*Extracted material*
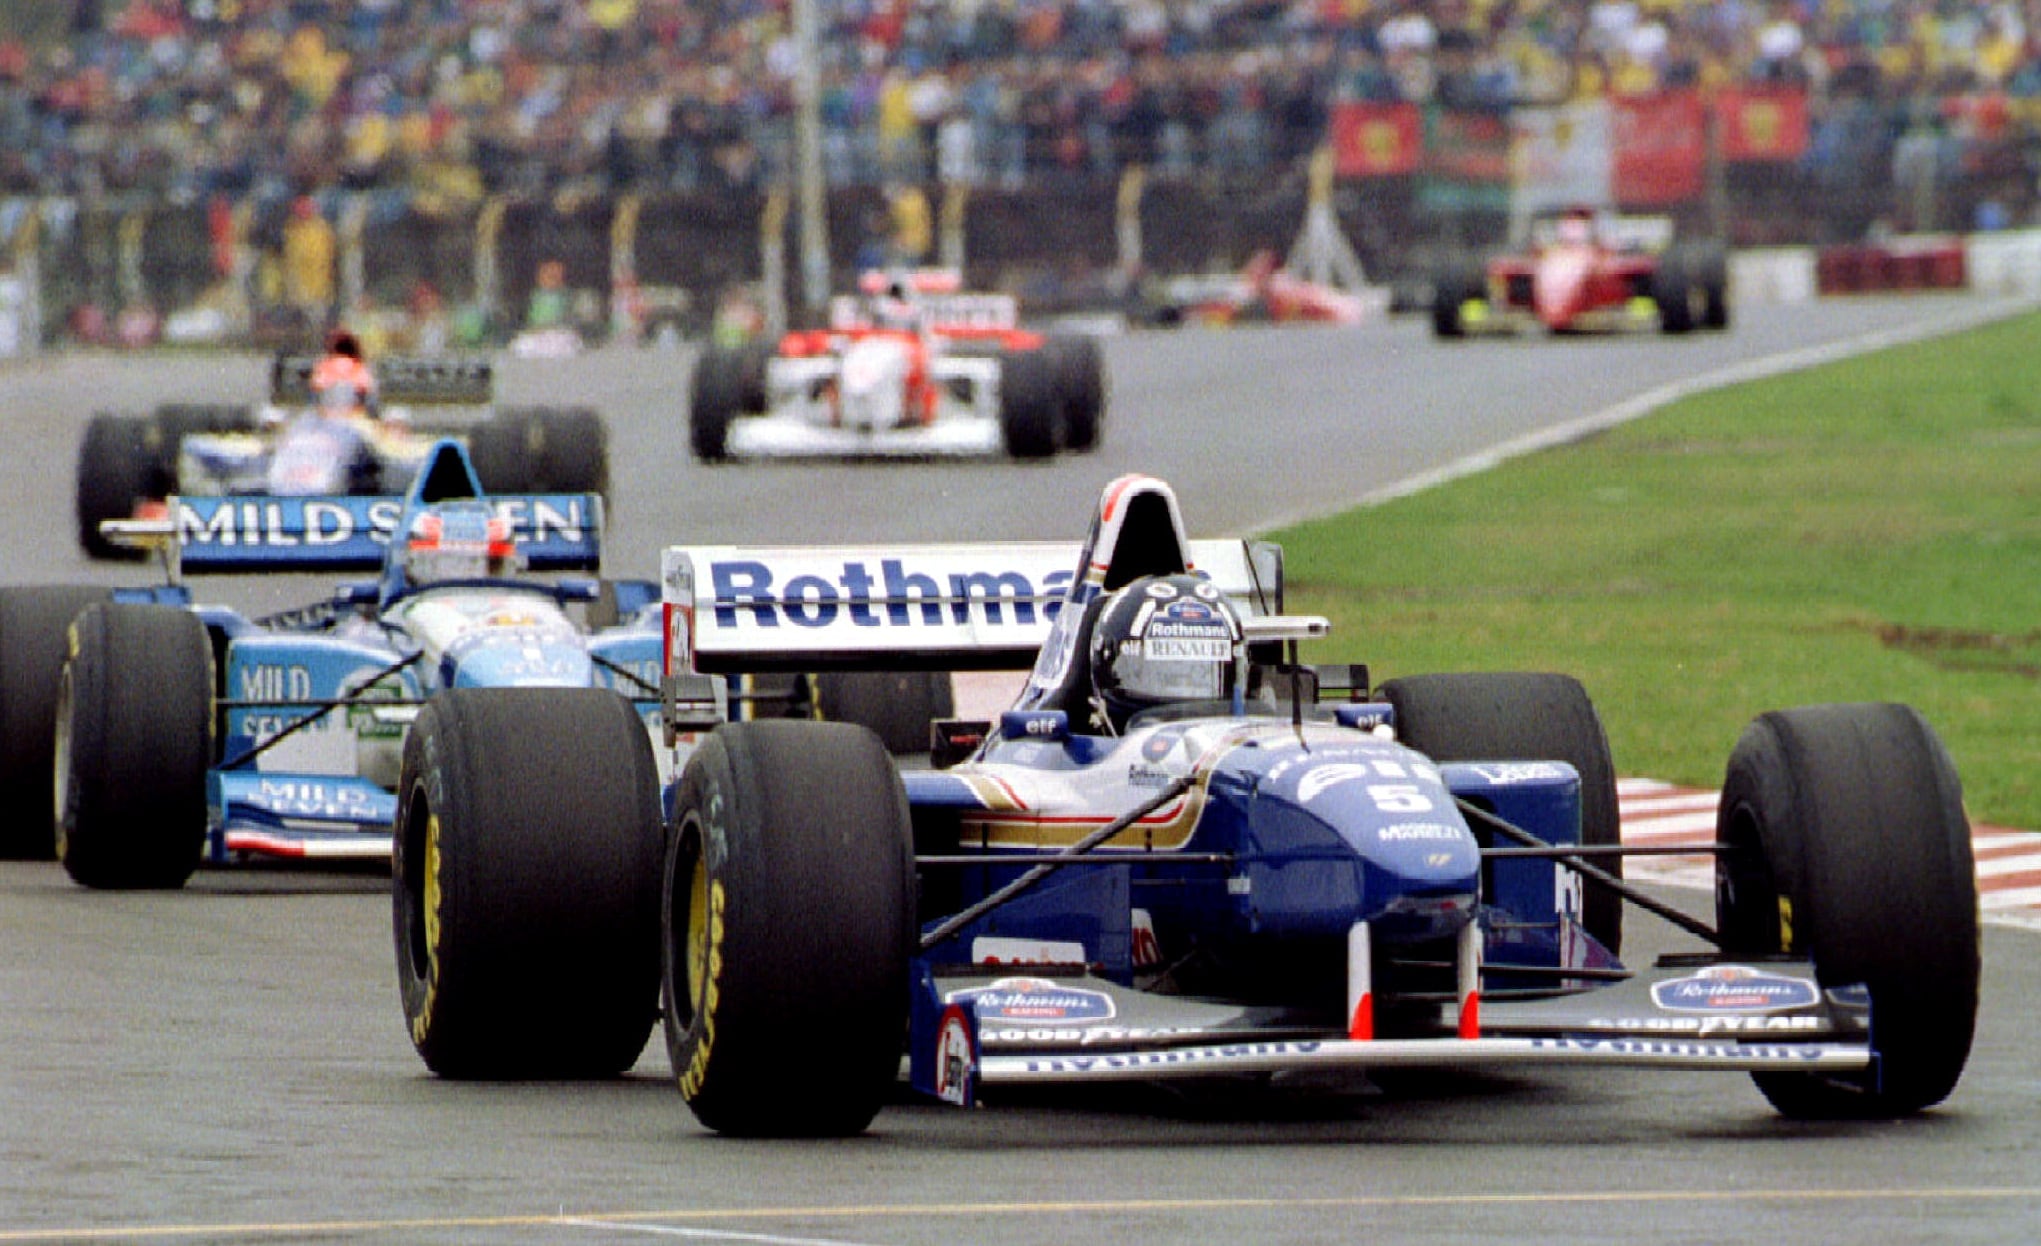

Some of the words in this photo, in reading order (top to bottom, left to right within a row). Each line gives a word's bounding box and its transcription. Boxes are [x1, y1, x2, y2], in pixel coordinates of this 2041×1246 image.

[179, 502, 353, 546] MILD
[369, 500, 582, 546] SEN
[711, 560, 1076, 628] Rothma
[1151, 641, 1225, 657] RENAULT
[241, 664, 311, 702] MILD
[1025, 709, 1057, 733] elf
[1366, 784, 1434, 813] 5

*What the task asks*
Each entry gets copied exactly; the pictures stay out.

*Solution for this task*
Some of the words in this photo, in reading order (top to bottom, left to right within a row). Each line gives a word's bounding box and its transcription. Boxes are [x1, y1, x2, y2], in pixel coordinates of this 2041×1246 image.

[179, 502, 353, 546] MILD
[369, 500, 582, 546] SEN
[711, 560, 1076, 628] Rothma
[1151, 641, 1225, 657] RENAULT
[241, 664, 311, 702] MILD
[1025, 709, 1057, 733] elf
[1366, 784, 1434, 813] 5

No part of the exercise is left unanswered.